The Three Black Pennys eBook

This eBook from the Gutenberg Project consists of approximately 349 pages of information about The Three Black Pennys.

There was a stir in the front of the church, a clergyman in white vestment advanced; and, at a sudden murmurous interest, a twisting of heads, the wedding procession moved slowly up the aisle.  The ushers, painstakingly adopting various lengths of stride to the requirements of the organ, passed in pairs; then followed an equal number of young women, among whom he instantly recognized the handsome presence of Kate Polder, in drooping blue bonnets, with prodigious panniers of celestial-hued silk, carrying white enamelled shepherd’s crooks from which depended loops of artificial buttercups.  An open space ensued, in the centre of which advanced a child with starched white skirts springing out in a lacy wheel about spare, bare knees, her pale yellow hair tied in an overwhelming blue bow; and holding outstretched, in a species of intense and quivering agony, a white velvet cushion to which were pinned two gold wedding bands.

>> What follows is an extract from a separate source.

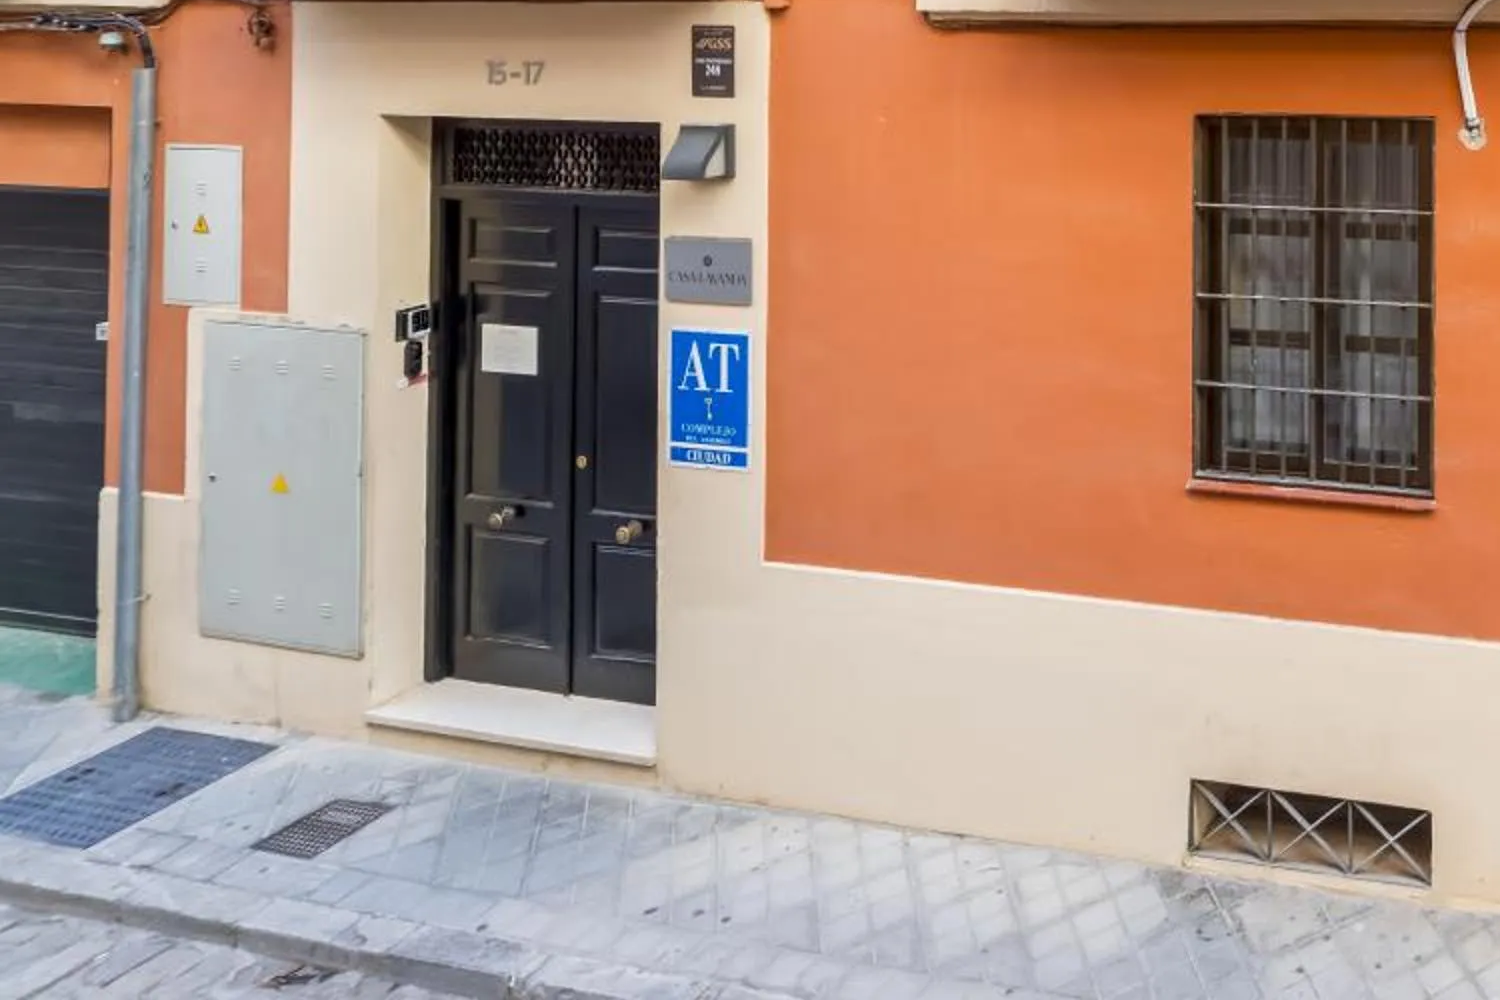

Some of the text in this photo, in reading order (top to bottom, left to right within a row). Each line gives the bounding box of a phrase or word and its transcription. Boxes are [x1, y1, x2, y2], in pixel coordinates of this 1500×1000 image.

[485, 60, 545, 85] 15-17
[677, 339, 740, 393] AT
[687, 449, 731, 464] CIUDAD

After that, Howat Penny thought, the prospective bride could furnish only the diminished spectacle of an anti-climax.  Led by the virginal presence of Isabella Polder she floated forward in a foam of white tulle and dragging satin attached below her bare, full shoulders.  A floating veil, pinned with a wreath of orange blossoms, manifestly wax, covered the metallic gold of her hair.  Her countenance was unperturbed, statuesque, and pink.  As the sentimental clamour of the organ died the steam pipes took up, with renewed vigour, their utilitarian noise.  “Why don’t they turn them off?” Mariana exclaimed in his ear.  Personally he enjoyed such an accompaniment to what he designated as the performance.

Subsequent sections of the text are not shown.